Trying to salvage the mess his death left, Henry negotiated her marriage to his surviving son, Prince Henry, who would become Henry VIII. To do so, he needed to get relief from the canon law prohibiting someone from marrying his brother’s widow, and the Pope of the time was willing to grant this.
Henry VIII ascended the throne on his father’s death, and had a daughter and a number of stillbirths by Catherine. When Luther condemned Catholic teaching, Henry wrote a book in defense of the Catholic position, and was awarded the title Defensor Fidei by a grateful Pope. Falling for Anne Boleyn and concerned for the absence of a male heir, he convinced himself that the dispensation that had permitted him to marry Catherine was actually against God’s law, and that his sonlessness was due to God’s anger, he sought an annulment, a fairly common occurrence in the days of matrimonial alliances. However, Catherine’s nephew was now King of Spain and Holy Roman Emperor as Charles V, and his troops were occupying Rome – and he was not at all pleased at the idea of his aunt’s marriage being annulled. He prevailed on the Pope to refuse the annulment.

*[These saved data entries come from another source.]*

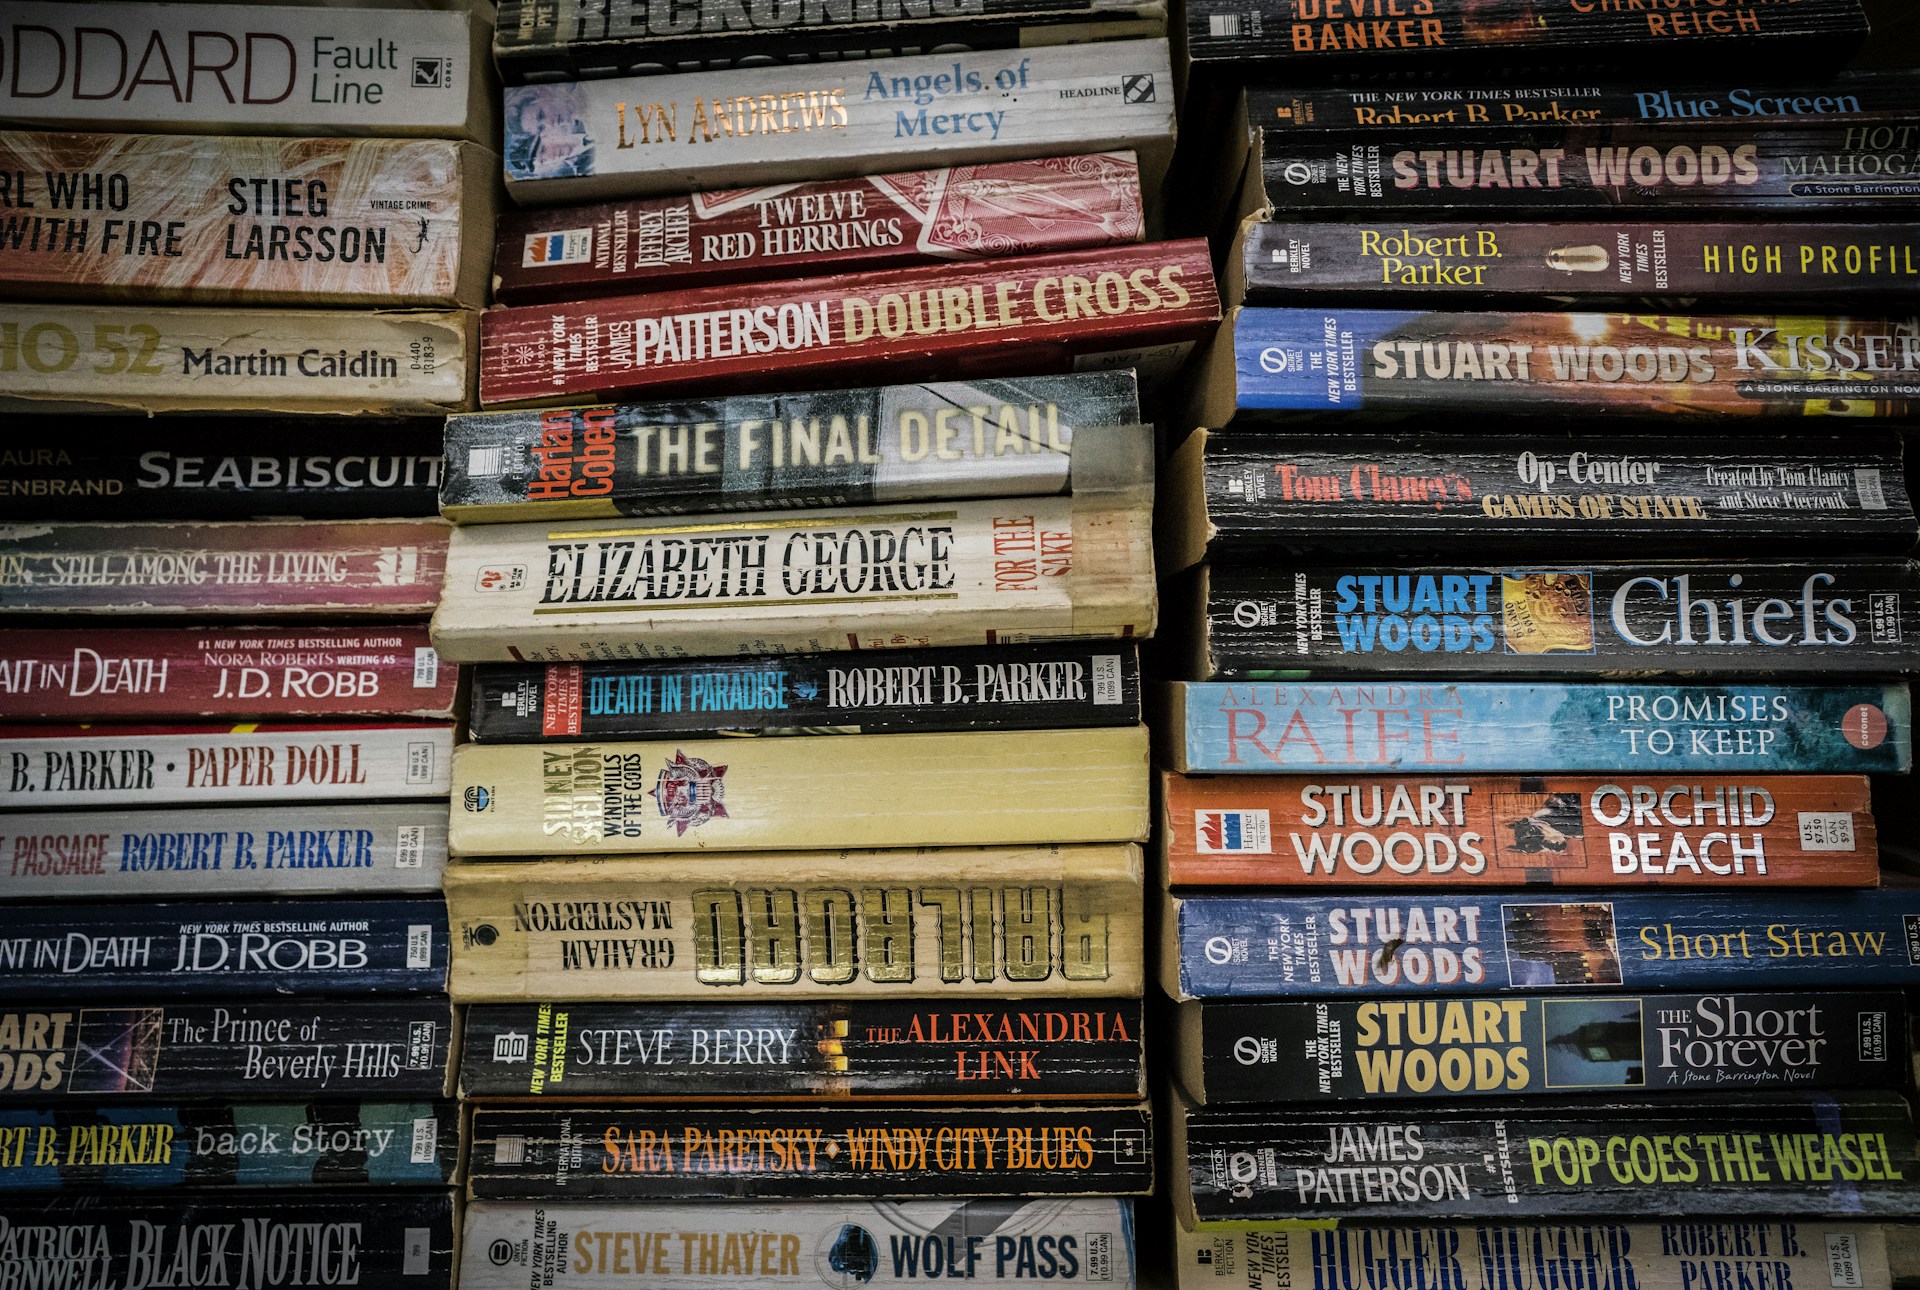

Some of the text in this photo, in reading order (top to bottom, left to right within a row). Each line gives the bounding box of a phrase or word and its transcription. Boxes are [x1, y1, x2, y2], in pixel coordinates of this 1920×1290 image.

[1292, 18, 1445, 52] BANKER
[1646, 10, 1761, 37] REICH
[312, 36, 398, 71] Fault
[311, 74, 384, 104] Line
[863, 58, 1031, 106] Angels of
[1059, 86, 1121, 99] HEADLINE
[1350, 87, 1602, 103] THE NEW YORK TIMES BESTSELLER
[616, 87, 849, 150] LYN ANDREWS
[894, 109, 1004, 140] Mercy
[1634, 88, 1862, 119] Blue Screen
[1392, 144, 1760, 190] STUART WOODS
[46, 172, 129, 212] WHO
[227, 178, 328, 217] STIEG
[370, 200, 431, 210] VINTAGE CRIME
[753, 189, 867, 229] TWELVE
[101, 220, 186, 257] FIRE
[225, 224, 387, 263] LARSSON
[635, 210, 670, 269] JEFFREY
[663, 204, 693, 264] ARCHER
[701, 217, 904, 263] RED HERRINGS
[1360, 230, 1502, 258] Robert B.
[1381, 257, 1487, 286] Parker
[1653, 230, 1668, 288] BESTSELLER
[635, 265, 1191, 366] PATTERSON DOUBLE CROSS
[181, 346, 397, 378] Martin Caidin
[585, 315, 598, 372] BESTSELLER
[609, 321, 631, 369] JAMES
[1341, 331, 1356, 390] BESTSELLER
[1372, 341, 1716, 383] STUART WOODS
[528, 411, 574, 499] Harlan
[571, 409, 616, 496] Coben
[631, 403, 1072, 476] THE FINAL DETAIL
[1276, 464, 1473, 510] Tom Clancy's
[1516, 450, 1661, 493] Op-Center
[1481, 494, 1709, 520] GAMES OF STATE
[539, 527, 956, 604] ELIZABETH GEORGE
[1310, 588, 1322, 640] BESTSELLER
[1336, 574, 1493, 613] STUART
[1609, 572, 1858, 648] Chiefs
[198, 637, 402, 649] #1 NEW YORK TIMES BESTSELLING AUTHOR
[1336, 614, 1496, 652] WOODS
[204, 652, 334, 667] NORA ROBERTS
[213, 667, 379, 699] J.D. ROBB
[589, 671, 788, 716] DEATH IN PARADISE
[826, 661, 1086, 708] ROBERT B. PARKER
[1219, 686, 1464, 707] ALEXANDRA
[1606, 695, 1788, 722] PROMISES
[1860, 706, 1869, 746] coronet
[1219, 708, 1466, 766] RAIFE
[1621, 729, 1775, 756] TO KEEP
[10, 744, 367, 792] B. PARKER PAPER DOLL
[603, 754, 623, 838] WINDMILLS
[1300, 785, 1471, 827] STUART
[1590, 784, 1776, 828] ORCHID
[118, 829, 374, 872] ROBERT B. PARKER
[1816, 819, 1824, 844] $7.50
[1289, 832, 1487, 875] WOODS
[1608, 832, 1768, 876] BEACH
[514, 901, 675, 932] MASTERTON
[692, 886, 1111, 989] RAILROAD
[1328, 906, 1482, 946] STUART
[171, 933, 368, 973] J.D. ROBB
[561, 937, 675, 970] GRAHAM
[1306, 915, 1321, 983] BESTSELLER
[1639, 923, 1886, 962] Short Straw
[168, 1008, 322, 1044] The Prince of
[866, 1012, 1130, 1044] THE ALEXANDRIA
[1356, 1000, 1526, 1046] STUART
[1657, 997, 1825, 1039] THE Short
[244, 1043, 400, 1087] Beverly Hills
[550, 1013, 568, 1082] BESTSELLER
[576, 1028, 798, 1066] STEVE BERRY
[955, 1050, 1041, 1081] LINK
[1329, 1020, 1342, 1077] BESTSELLER
[1656, 1027, 1827, 1069] Forever
[1354, 1048, 1530, 1094] WOODS
[1667, 1068, 1816, 1085] A Stone Barrington Novel
[35, 1124, 394, 1167] B. PARKER back Story
[602, 1126, 1093, 1174] SARA PARETSKY WINDY CITY BLUES
[1324, 1125, 1424, 1164] JAMES
[1494, 1119, 1519, 1204] BESTSELLER
[1527, 1132, 1903, 1186] POP GOES THE WEASEL
[1295, 1164, 1471, 1204] PATTERSON
[128, 1218, 362, 1289] BLACK NOTICE
[543, 1221, 556, 1286] BESTSELLING
[557, 1233, 568, 1273] AUTHOR
[573, 1231, 801, 1276] STEVE THAYER
[889, 1234, 1079, 1279] WOLF PASS

Henry did what kings and emperors before had done – got a complaisant Parliament to declare that the Pope had no authority over civil matters affecting the realm. And got his annulment, assuming headship under Christ over the English church, which he kept firmly Catholic in doctrine but outside the Pope’s authority.
Matters stayed like this through five more wives until Henry’s death. He had one son, who took the throne as Edward VI at age nine – and his guardians, his mother’s kin the Spensers, were Protestant, largely Bucerian in theology. Under the Spensers, England moved rapidly Protestant. Then Edward died at fifteen, unmarried. After a brief spasm involving Lady Jane Grey, Edward’s older sister, Catherine’s daughter Mary, took the throne, reversed her mother’s annulment, and brought England back under the Papacy, marrying Emperor Charles’s son Philip II of Spain. But they had no children, and, ironically, she was excommunicated in a bit more Papal politics. Her successor was the only surviving child of Henry VIII, Anne Boleyn’s daughter Elizabeth. And she stabilized the church in a position midway between Catholicism and Protestantism, preserving the Apostolic Succession and episcopal rule, retaining the ecclesiology and sacramental theology of Catholicism but with some abuses corrected and an emphasis on Scripture and evangelism taken from Protestantism. For the first 15 years of her reign, she was in communion with the Pope, though independent of his authority. Then Philip II, who continued to claim the English throne through his marriage to Mary, prevailed on the Pope to excommunicate her and her loyal subjects.
And that’s where things have stood ever since.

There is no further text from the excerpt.